SAN ANTONIO – The Centers for Disease Control and Prevention released a study showing obesity is on the rise. A local obesity expert, Dr. Anthony Comuzzie, said fighting obesity is not really a vanity thing, it's about serious illness. 

Commuzie, a scientist in genetics at Texas Biomedical Research Institute, issued a statement warning about long-term health issues related to obesity, saying, “In general the U.S. population is continuing to gain weight at a fairly rapid rate, and such an increase does not bode well for the overall health of the nation. Such findings would suggest that there will likely be an associated increase in chronic diseases, in Type 2 diabetes and heart disease in the coming years. "

Tourists walking near the Alamo said they experienced what Commuzzie pointed out.

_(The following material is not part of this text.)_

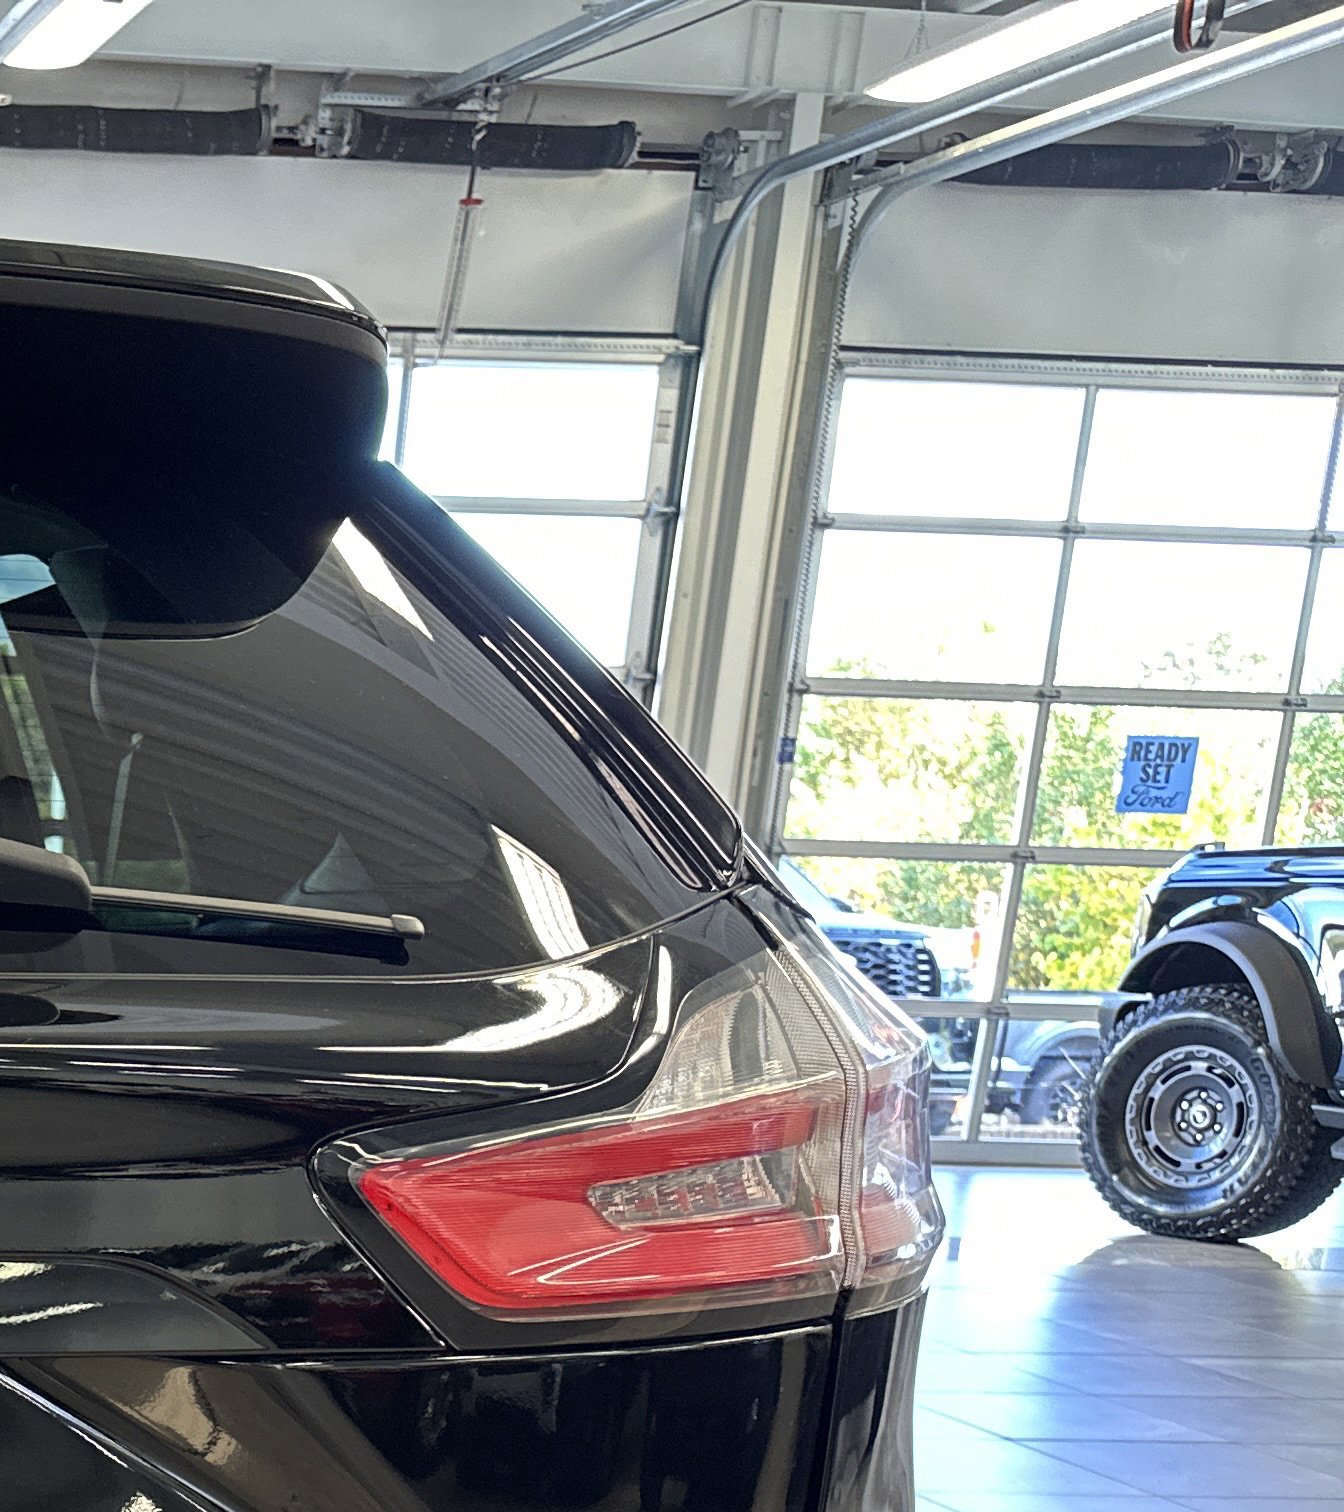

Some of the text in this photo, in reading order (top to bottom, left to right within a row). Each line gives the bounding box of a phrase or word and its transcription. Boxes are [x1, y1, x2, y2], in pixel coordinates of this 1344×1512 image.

[1130, 741, 1192, 763] READY
[1139, 763, 1174, 784] SET
[1123, 783, 1185, 809] Ford

"One time I went up to 240-250. I lost that weight, had a heart attack, shut it down. That'll do it," said Craig Jordan, a man who was visiting San Antonio from New Orleans with his wife, Cynthia.

The couple, who have been married for 50 years, embrace what researchers suggest. They said diet and exercise are important.

"I go to the gym every day,” said Cynthia Jordan, laughing as she looked toward her husband Craig, who said his wife is indeed a gym rat.

"Every day, every day. I don't go with her either," Craig Jordan said.

Dave Willette, also a tourist, said eating more calories than you burn will pack on the pounds.

"It's mostly food. I think whatever you put in your mouth is going to cause you to gain weight," Willette said.

Another passerby on a scorching hot day near the Alamo, construction worker Vince Valdez, said he'd like to lose weight but must first give up his favorite foods.

"Burger, fries, and beer. Pizza. I love pizza,” Valdez said with a chuckle.